Free-text object descriptions
--- --- ---

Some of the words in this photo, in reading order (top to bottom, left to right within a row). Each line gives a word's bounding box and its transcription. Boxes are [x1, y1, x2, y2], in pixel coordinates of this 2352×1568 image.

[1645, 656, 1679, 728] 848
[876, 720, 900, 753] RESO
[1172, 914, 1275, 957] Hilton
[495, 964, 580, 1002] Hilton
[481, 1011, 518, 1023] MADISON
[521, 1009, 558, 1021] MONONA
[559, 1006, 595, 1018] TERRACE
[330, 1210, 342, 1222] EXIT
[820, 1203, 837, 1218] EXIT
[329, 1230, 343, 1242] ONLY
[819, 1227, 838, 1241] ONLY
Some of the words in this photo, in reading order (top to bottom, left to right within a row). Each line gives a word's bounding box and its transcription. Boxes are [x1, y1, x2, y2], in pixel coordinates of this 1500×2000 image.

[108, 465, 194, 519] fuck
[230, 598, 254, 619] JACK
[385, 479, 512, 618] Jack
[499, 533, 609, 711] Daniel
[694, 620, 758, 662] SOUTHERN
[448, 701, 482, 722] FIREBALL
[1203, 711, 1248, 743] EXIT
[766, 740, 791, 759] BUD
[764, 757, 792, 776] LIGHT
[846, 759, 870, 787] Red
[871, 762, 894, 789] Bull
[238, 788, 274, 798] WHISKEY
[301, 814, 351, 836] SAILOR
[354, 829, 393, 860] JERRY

--- --- ---

» ASSIGNMENT: Every line above should be transcribed exactly.

» ANSWER SPACE:
Some of the words in this photo, in reading order (top to bottom, left to right within a row). Each line gives a word's bounding box and its transcription. Boxes are [x1, y1, x2, y2], in pixel coordinates of this 2352×1568 image.

[1645, 656, 1679, 728] 848
[876, 720, 900, 753] RESO
[1172, 914, 1275, 957] Hilton
[495, 964, 580, 1002] Hilton
[481, 1011, 518, 1023] MADISON
[521, 1009, 558, 1021] MONONA
[559, 1006, 595, 1018] TERRACE
[330, 1210, 342, 1222] EXIT
[820, 1203, 837, 1218] EXIT
[329, 1230, 343, 1242] ONLY
[819, 1227, 838, 1241] ONLY
Some of the words in this photo, in reading order (top to bottom, left to right within a row). Each line gives a word's bounding box and its transcription. Boxes are [x1, y1, x2, y2], in pixel coordinates of this 1500×2000 image.

[108, 465, 194, 519] fuck
[230, 598, 254, 619] JACK
[385, 479, 512, 618] Jack
[499, 533, 609, 711] Daniel
[694, 620, 758, 662] SOUTHERN
[448, 701, 482, 722] FIREBALL
[1203, 711, 1248, 743] EXIT
[766, 740, 791, 759] BUD
[764, 757, 792, 776] LIGHT
[846, 759, 870, 787] Red
[871, 762, 894, 789] Bull
[238, 788, 274, 798] WHISKEY
[301, 814, 351, 836] SAILOR
[354, 829, 393, 860] JERRY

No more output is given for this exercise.